- _Assignment_: Write the data out in full and word for word. Do not include images.

Recorded data section start

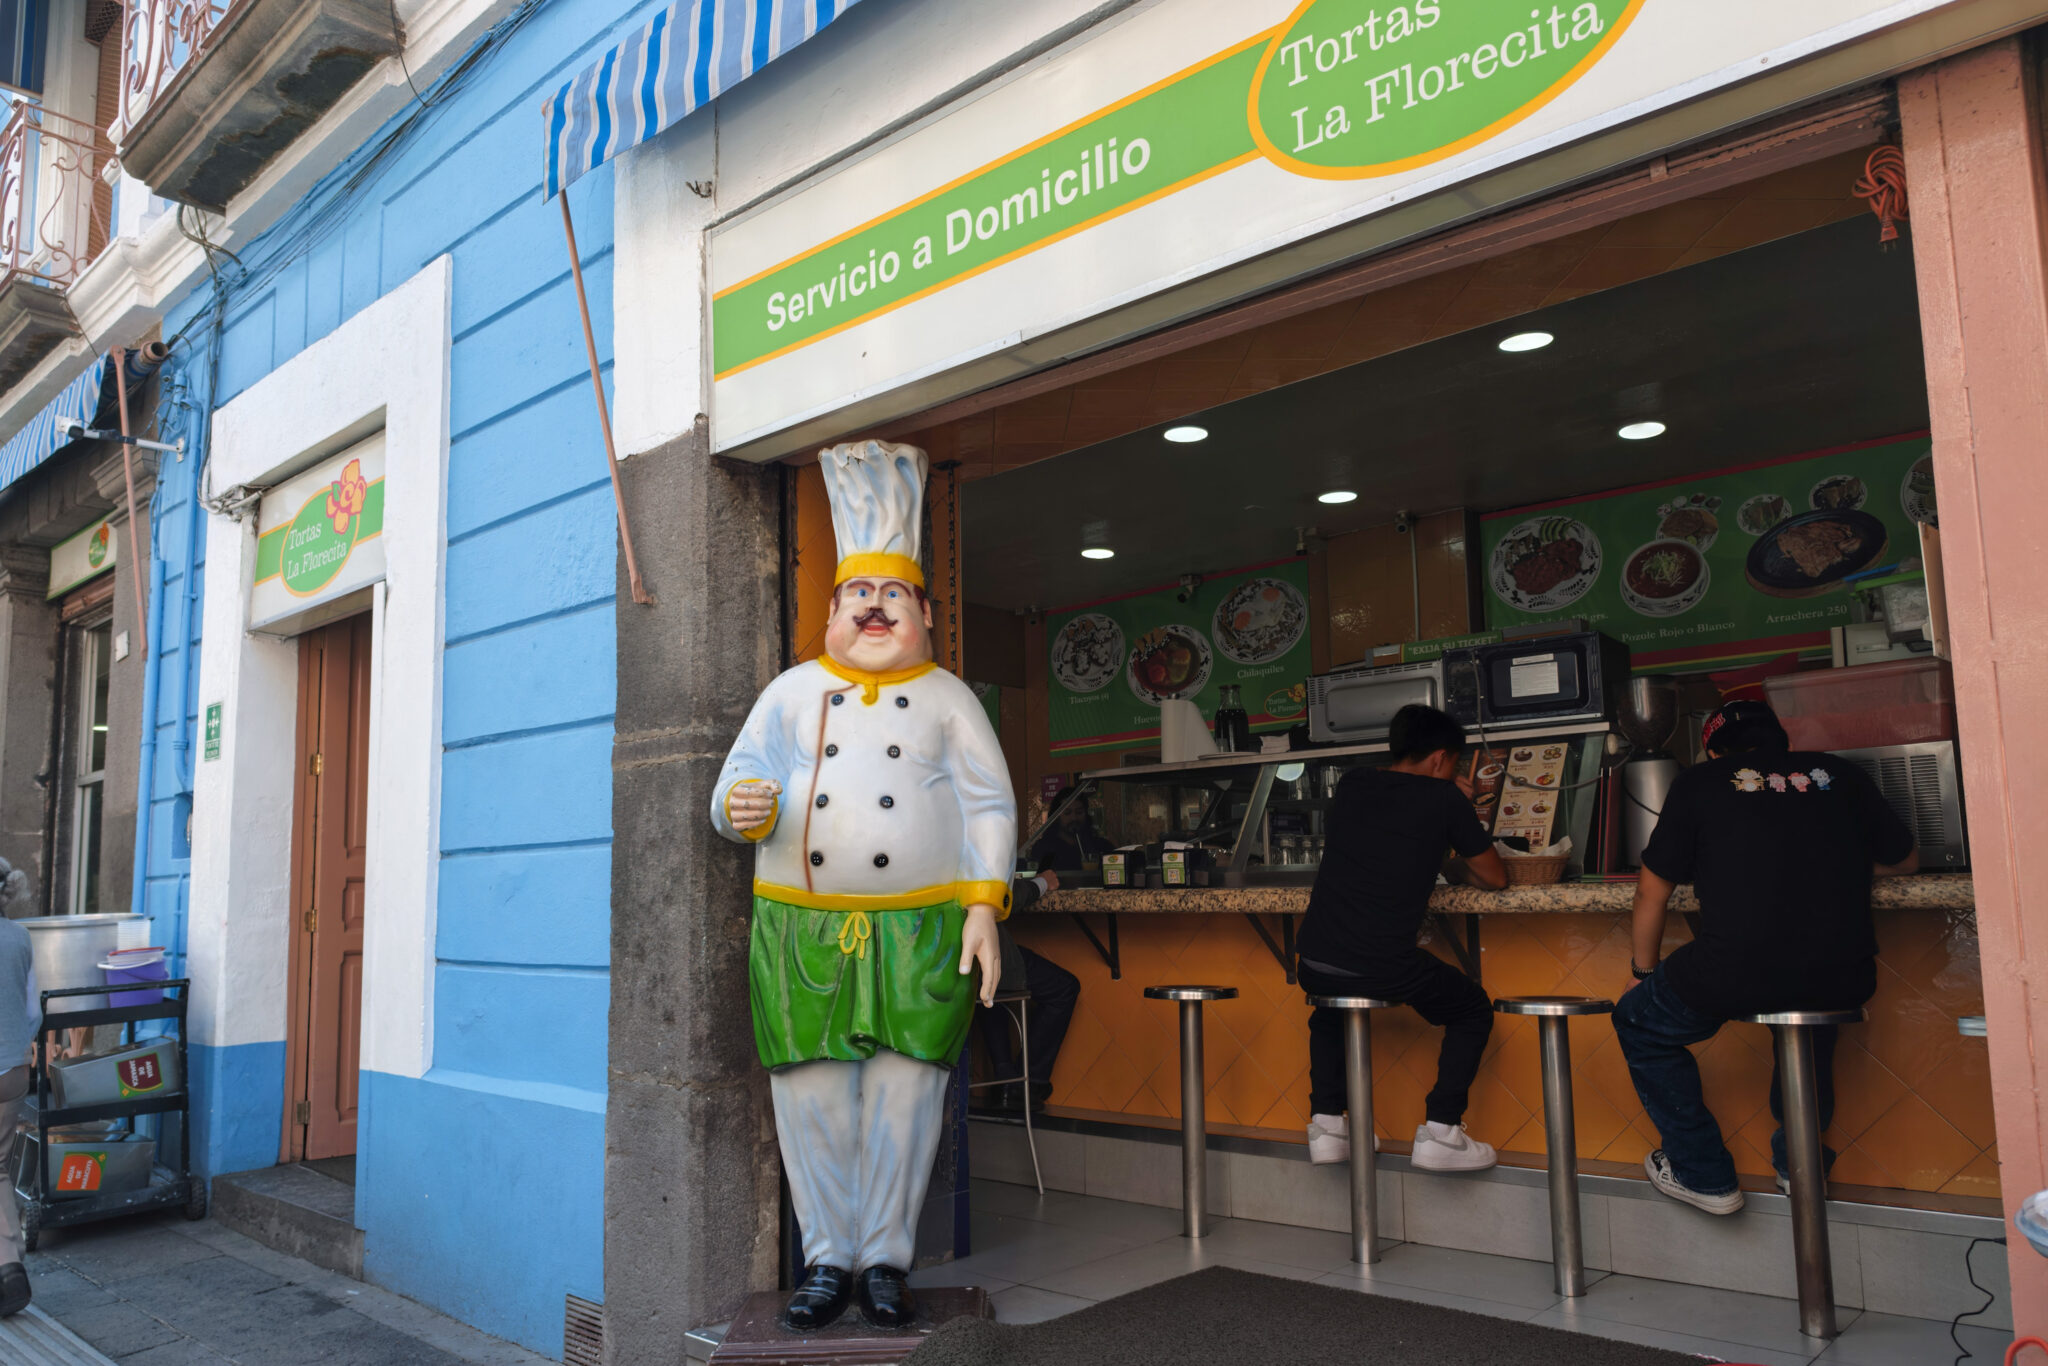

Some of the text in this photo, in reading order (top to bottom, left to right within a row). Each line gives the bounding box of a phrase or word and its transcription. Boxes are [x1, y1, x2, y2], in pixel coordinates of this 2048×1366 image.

[1280, 0, 1441, 87] Tortas
[1291, 2, 1605, 153] La Florecita
[766, 136, 1151, 332] Servicio a Domicilio
[289, 523, 322, 551] Tortas
[287, 540, 347, 581] La Florecita
[1766, 604, 1848, 625] Arrachera 250
[1621, 620, 1735, 643] Pozole Rojo o Blanco
[1442, 641, 1455, 650] SU
[1237, 665, 1285, 679] Chilaquiles
[145, 1061, 154, 1079] AGUA
[66, 1166, 76, 1184] AGUA

Recorded data section end

- _Finished exercise_:
Some of the text in this photo, in reading order (top to bottom, left to right within a row). Each line gives the bounding box of a phrase or word and its transcription. Boxes are [x1, y1, x2, y2], in pixel coordinates of this 2048×1366 image.

[1280, 0, 1441, 87] Tortas
[1291, 2, 1605, 153] La Florecita
[766, 136, 1151, 332] Servicio a Domicilio
[289, 523, 322, 551] Tortas
[287, 540, 347, 581] La Florecita
[1766, 604, 1848, 625] Arrachera 250
[1621, 620, 1735, 643] Pozole Rojo o Blanco
[1442, 641, 1455, 650] SU
[1237, 665, 1285, 679] Chilaquiles
[145, 1061, 154, 1079] AGUA
[66, 1166, 76, 1184] AGUA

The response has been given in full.